A pesar de que el TARP se había aprobado, el sistema financiero seguía

paralizado. El mercado inmobiliario caía en picado. La economía perdía

puestos de trabajo a un ritmo acelerado y se especulaba que pronto también

iban a estar en riesgo los «tres grandes» fabricantes de automóviles.

No me asustaba la responsabilidad de afrontar esos problemas. De hecho,

me agradaba poder hacerlo. Pero por lo que comenzaba a ver lo más

probable era que las cosas empeoraran significativamente antes de empezar

a mejorar. Resolver la crisis financiera —por no mencionar acabar con dos

guerras, cumplir con mi compromiso con la asistencia sanitaria e intentar

salvar al planeta de la catástrofe del cambio climático— iba a ser un largo y

arduo trabajo. Iba a requerir un Congreso colaborativo, aliados bien

dispuestos y una ciudadanía informada y movilizada, capaz de sostener la

presión en el sistema y no un único salvador.

¿Qué iba a pasar cuando el cambio no se produjera lo bastante rápido?

¿Cómo iban a responder aquellas entusiastas multitudes a los inevitables

reveses y compromisos? Se convirtió en una broma habitual entre el equipo

y yo: «¿Estamos seguros de que queremos ganar? Todavía estamos a tiempo

de arrojar la toalla». Marty tenía una versión más étnica de ese sentimiento:

«Doscientos treinta y dos años y esperan a que la economía se esté

desmoronando para entregársela a un hermano!».

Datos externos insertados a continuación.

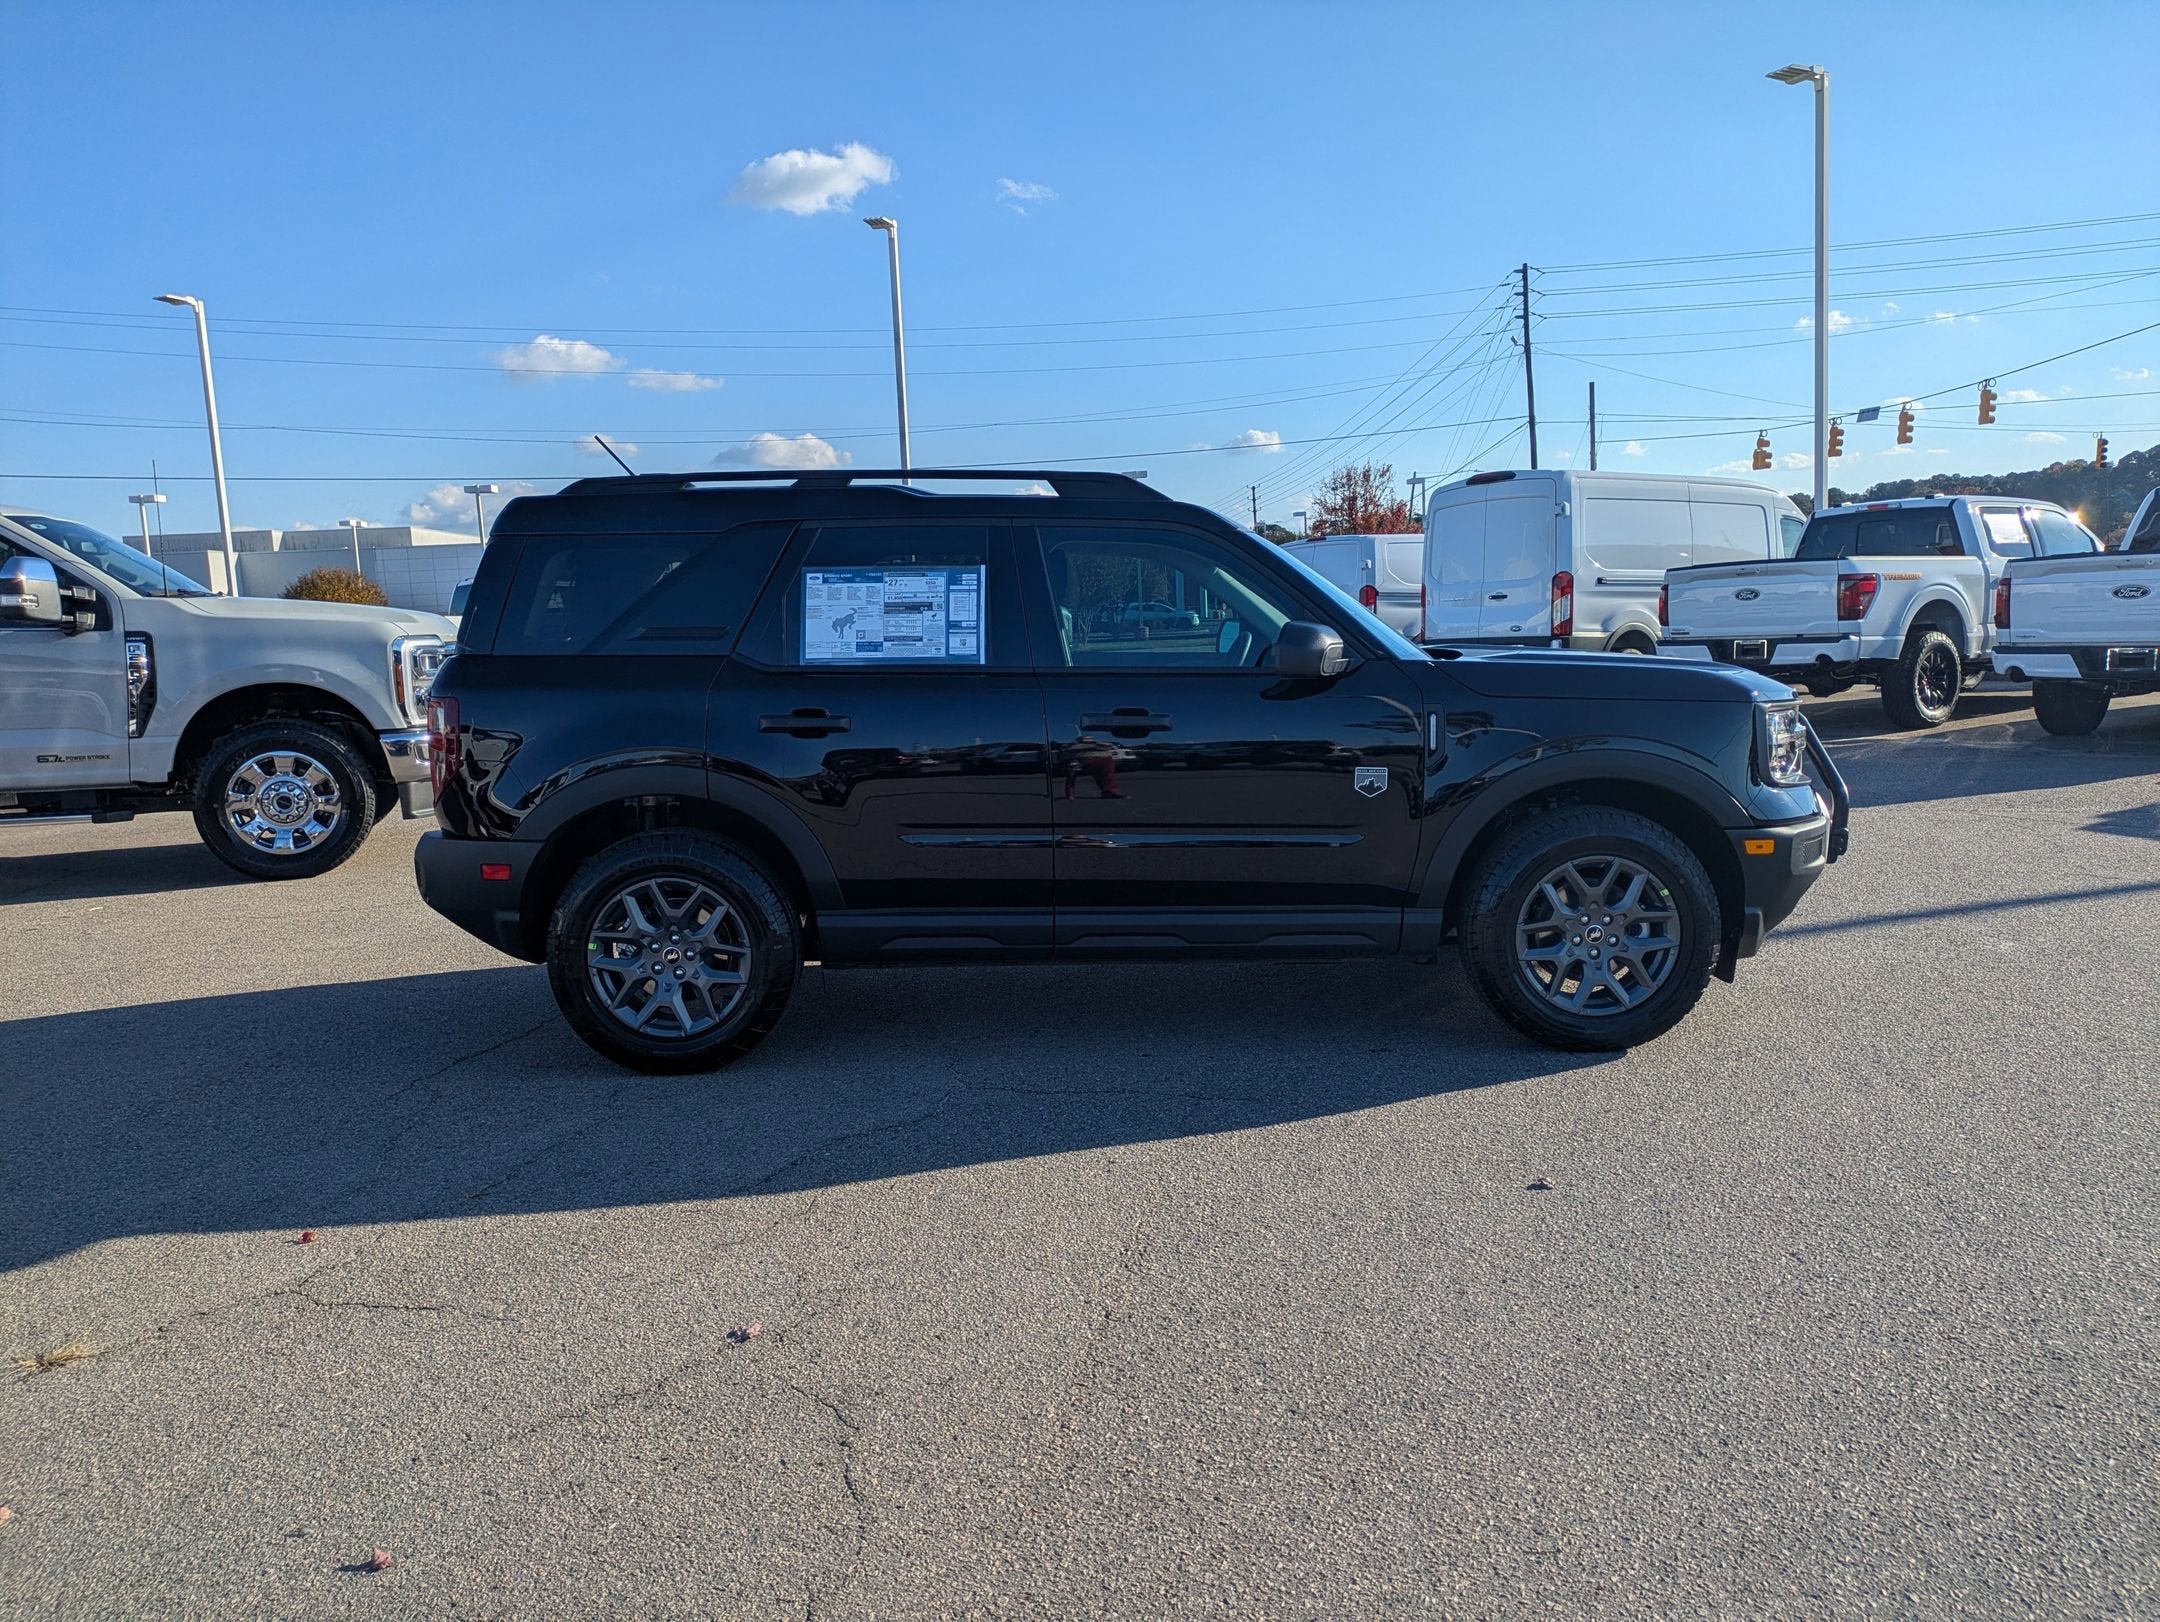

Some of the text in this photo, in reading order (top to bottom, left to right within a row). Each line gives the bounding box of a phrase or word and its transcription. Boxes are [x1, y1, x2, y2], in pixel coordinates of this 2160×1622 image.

Más que cualquier cosa relacionada con la campaña, lo que más oscurecía

mi estado de ánimo los últimos días de octubre eran las noticias que

llegaban de Hawái. Maya había llamado para contarme que los médicos no

creían que Toot aguantara mucho más, como máximo una semana. Estaba

confinada en la cama de hospital alquilada que se había instalado en el

salón de su apartamento, atendida por una enfermera de cuidados terminales

y con medicamentos paliativos. Aunque Toot había asustado a mi hermana

con un repentino estallido de lucidez la noche anterior en el que había

pedido las últimas novedades de la campaña, y también un cigarrillo y una

copa de vino, ahora dormía y solo era consciente a ratos.

Por ese motivo, doce días antes de las elecciones, hice un viaje de treinta

y seis horas a Honolulu para despedirme. Cuando llegué al apartamento de

Toot, Maya me estaba esperando. Vi que había estado sentada en el sofá

junto a un par de cajas de zapatos repletas de viejas cartas y fotografías.